[Provided data Boundary: Start]

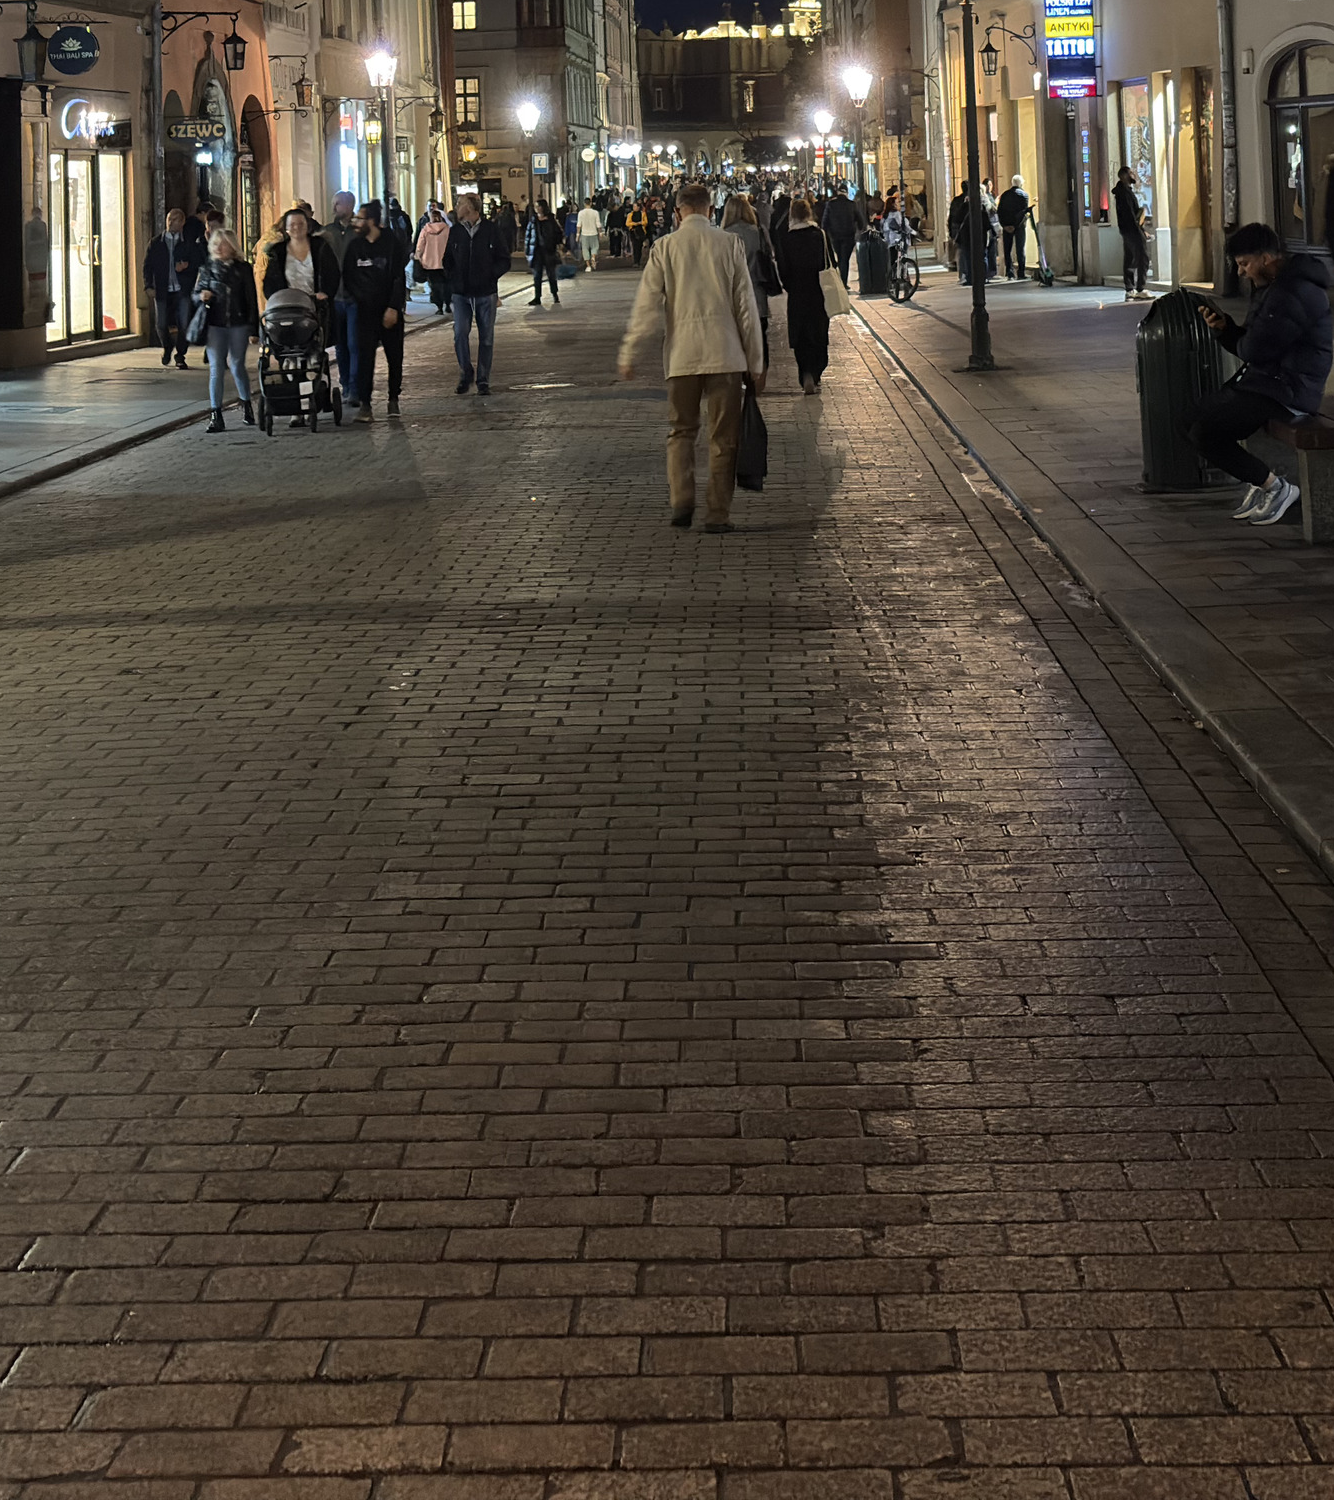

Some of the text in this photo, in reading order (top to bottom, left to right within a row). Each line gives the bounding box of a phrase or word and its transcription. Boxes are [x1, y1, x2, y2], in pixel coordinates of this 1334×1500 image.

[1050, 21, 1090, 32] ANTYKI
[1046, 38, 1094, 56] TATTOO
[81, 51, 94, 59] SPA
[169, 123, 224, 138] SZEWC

[Provided data Boundary: End]
[Provided data Boundary: Start]

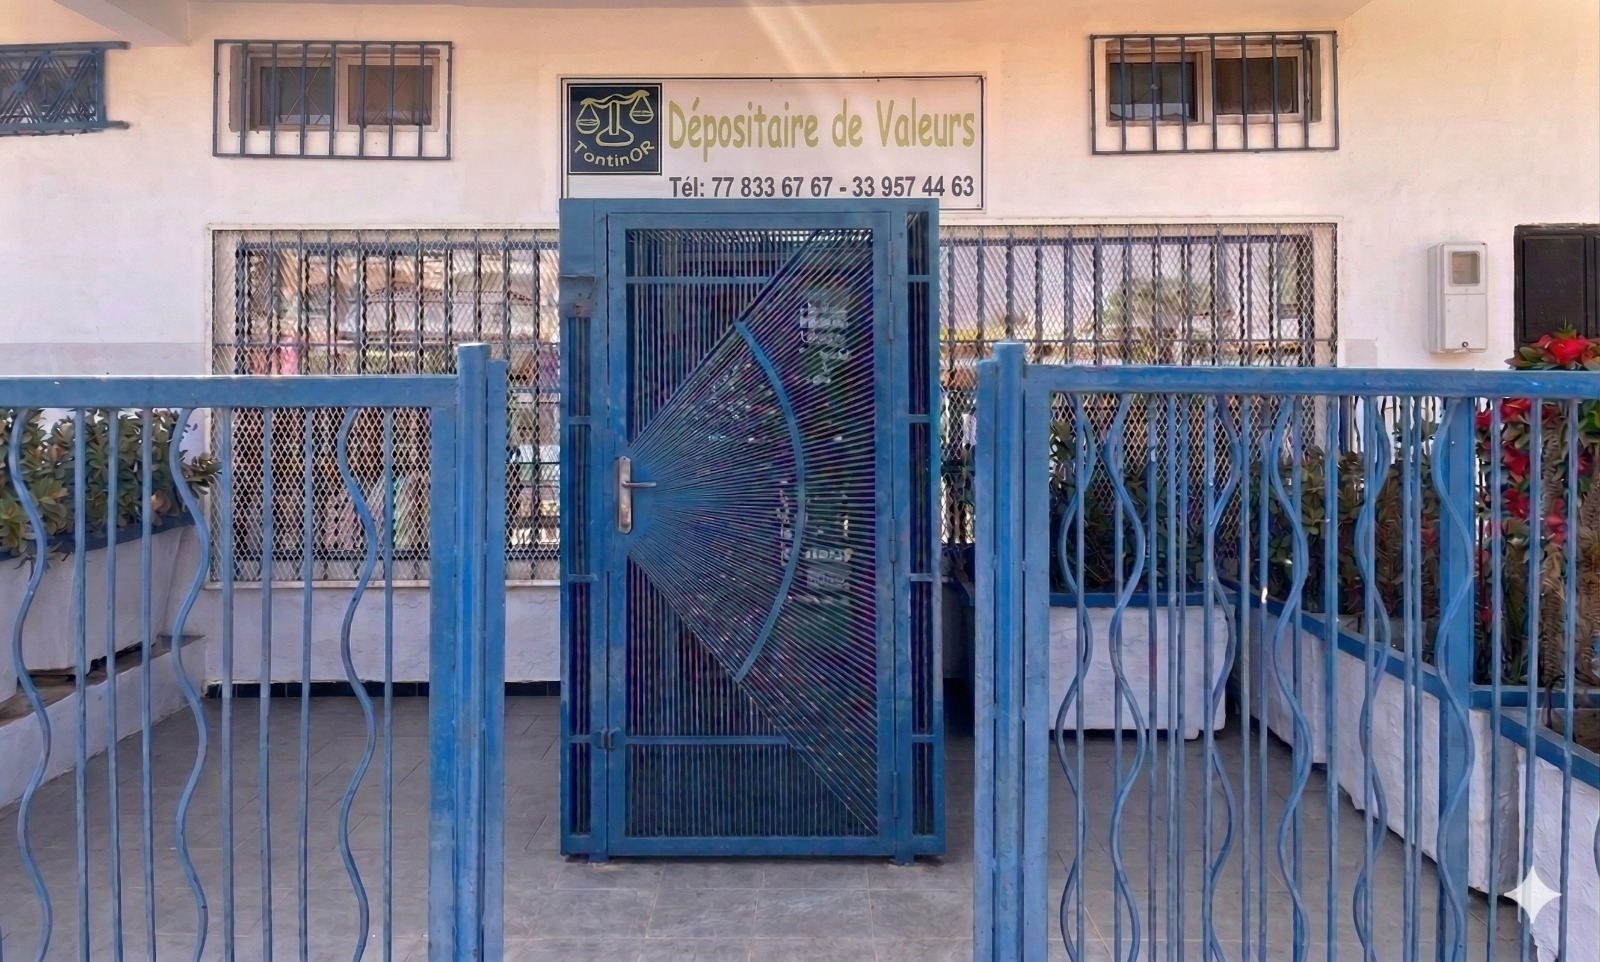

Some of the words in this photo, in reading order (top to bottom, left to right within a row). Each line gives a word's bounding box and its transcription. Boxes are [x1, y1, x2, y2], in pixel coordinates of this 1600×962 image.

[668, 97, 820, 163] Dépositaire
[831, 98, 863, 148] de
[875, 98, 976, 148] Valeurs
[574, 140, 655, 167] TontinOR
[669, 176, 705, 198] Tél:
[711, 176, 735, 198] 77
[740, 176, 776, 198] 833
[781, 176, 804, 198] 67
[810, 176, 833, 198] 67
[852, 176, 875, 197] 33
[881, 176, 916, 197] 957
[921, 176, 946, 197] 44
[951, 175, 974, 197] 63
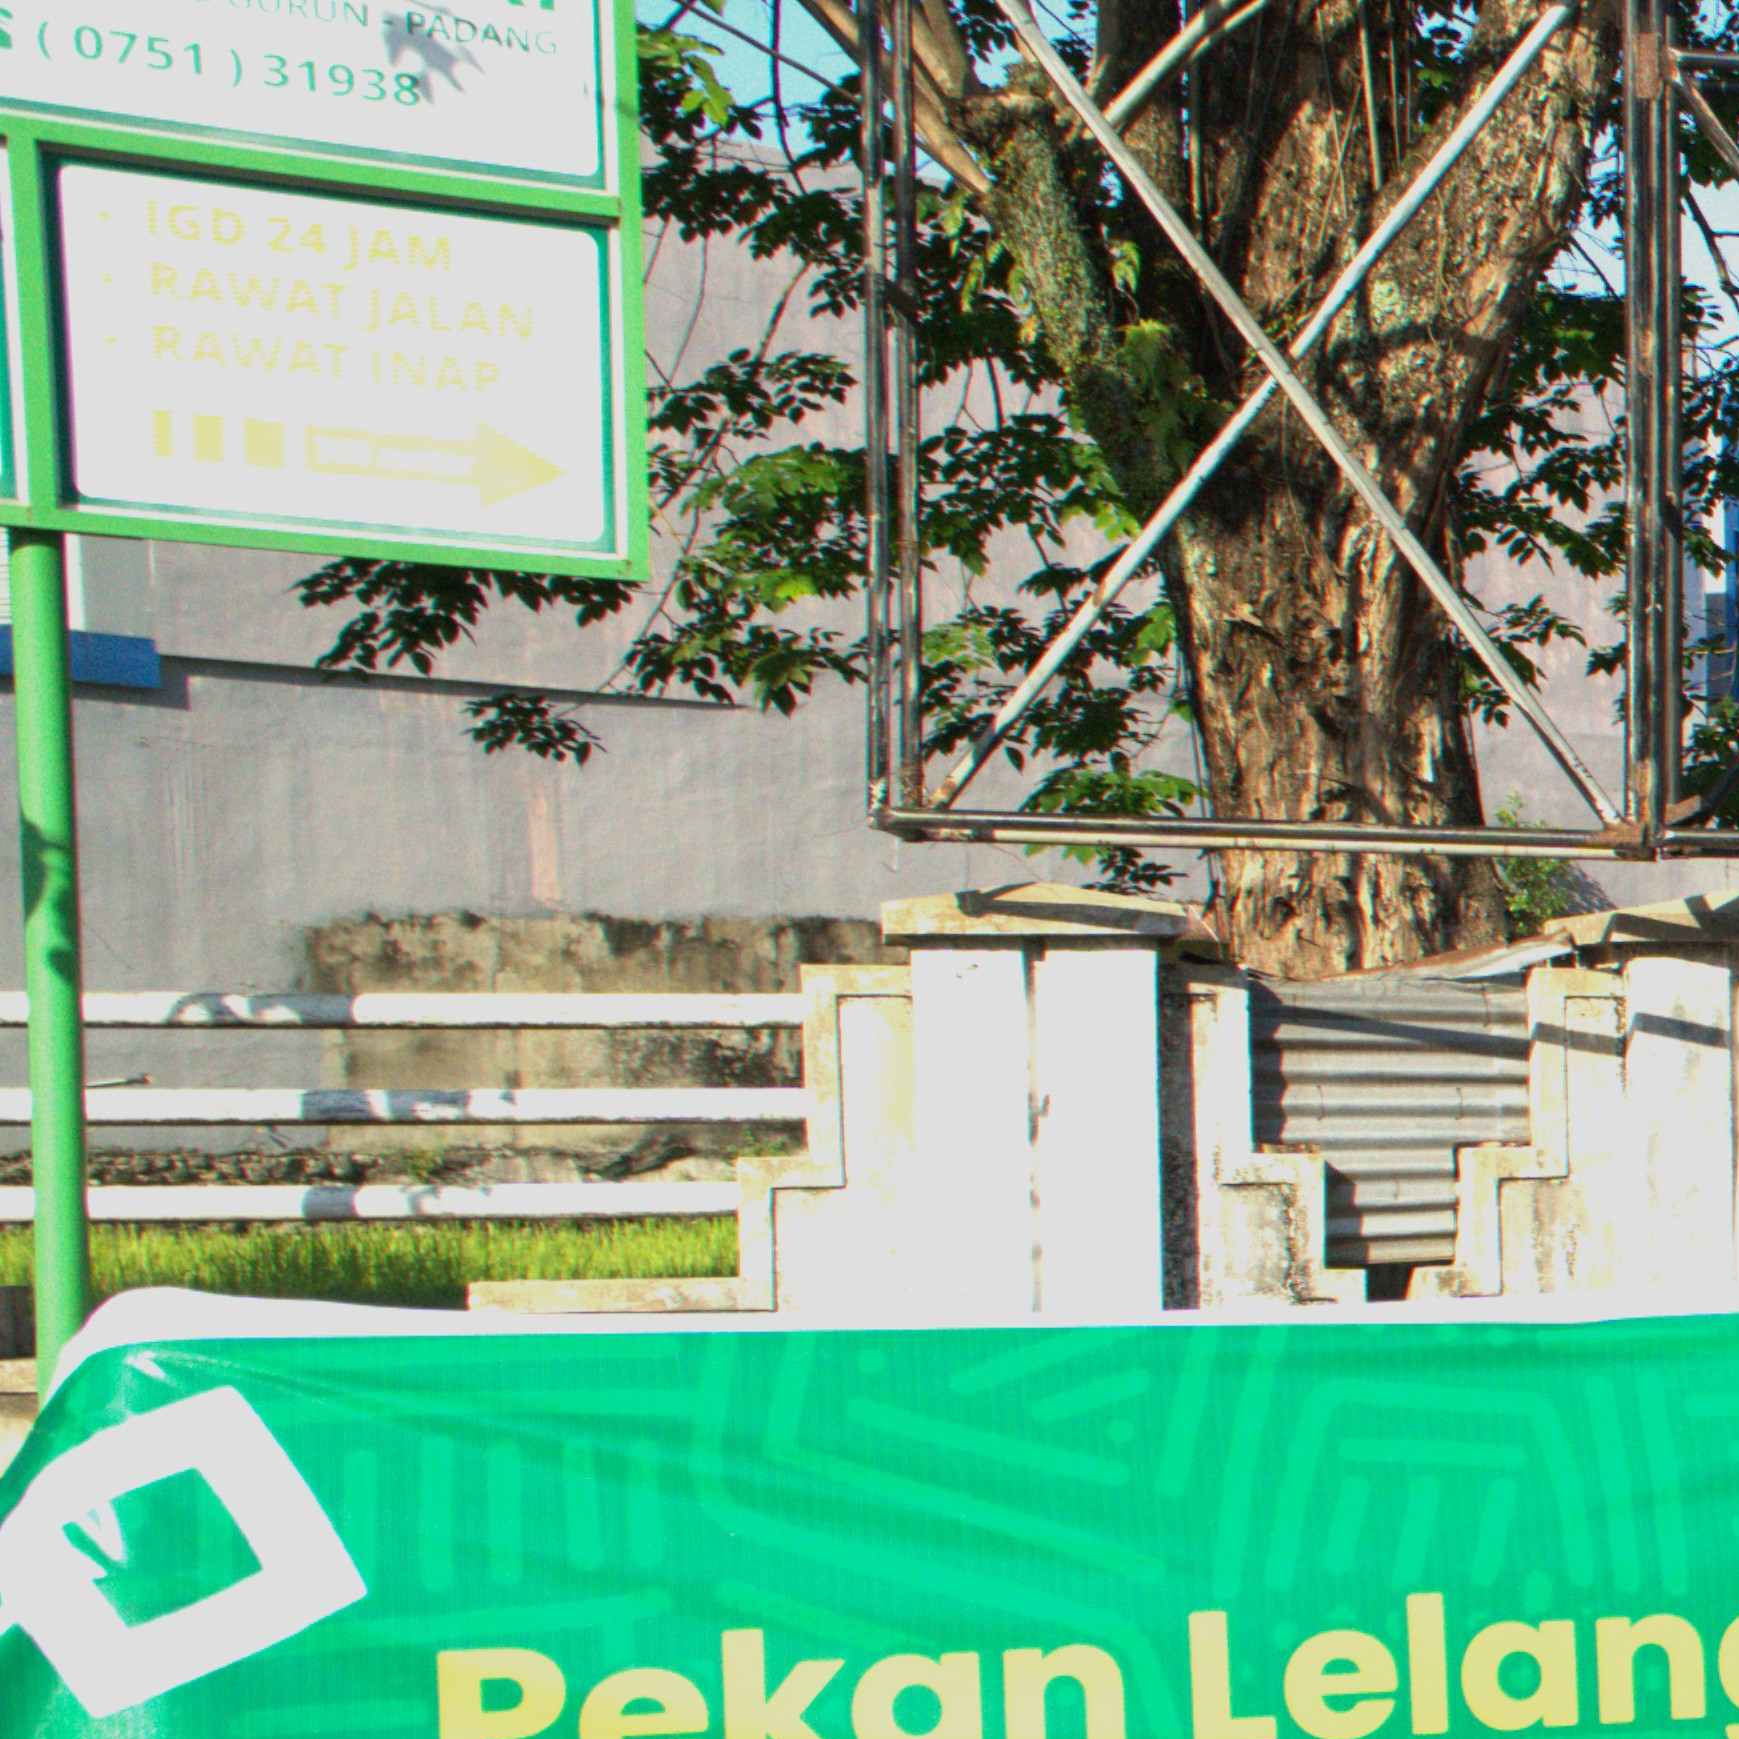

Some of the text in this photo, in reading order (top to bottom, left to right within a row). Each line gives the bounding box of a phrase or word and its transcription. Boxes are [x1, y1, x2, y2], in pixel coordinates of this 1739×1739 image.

[Provided data Boundary: End]

* _Task objective_
Starting at the line above with "Some of the words", output every line exactly up to and including the line with "this 1739×1739 image.", but none of the pictures.

* _Completed task_
Some of the words in this photo, in reading order (top to bottom, left to right within a row). Each line gives a word's bounding box and its transcription. Boxes are [x1, y1, x2, y2], in pixel coordinates of this 1600×962 image.

[668, 97, 820, 163] Dépositaire
[831, 98, 863, 148] de
[875, 98, 976, 148] Valeurs
[574, 140, 655, 167] TontinOR
[669, 176, 705, 198] Tél:
[711, 176, 735, 198] 77
[740, 176, 776, 198] 833
[781, 176, 804, 198] 67
[810, 176, 833, 198] 67
[852, 176, 875, 197] 33
[881, 176, 916, 197] 957
[921, 176, 946, 197] 44
[951, 175, 974, 197] 63

Some of the text in this photo, in reading order (top to bottom, left to right within a row). Each line gives the bounding box of a phrase or word and its transcription. Boxes are [x1, y1, x2, y2], in pixel coordinates of this 1739×1739 image.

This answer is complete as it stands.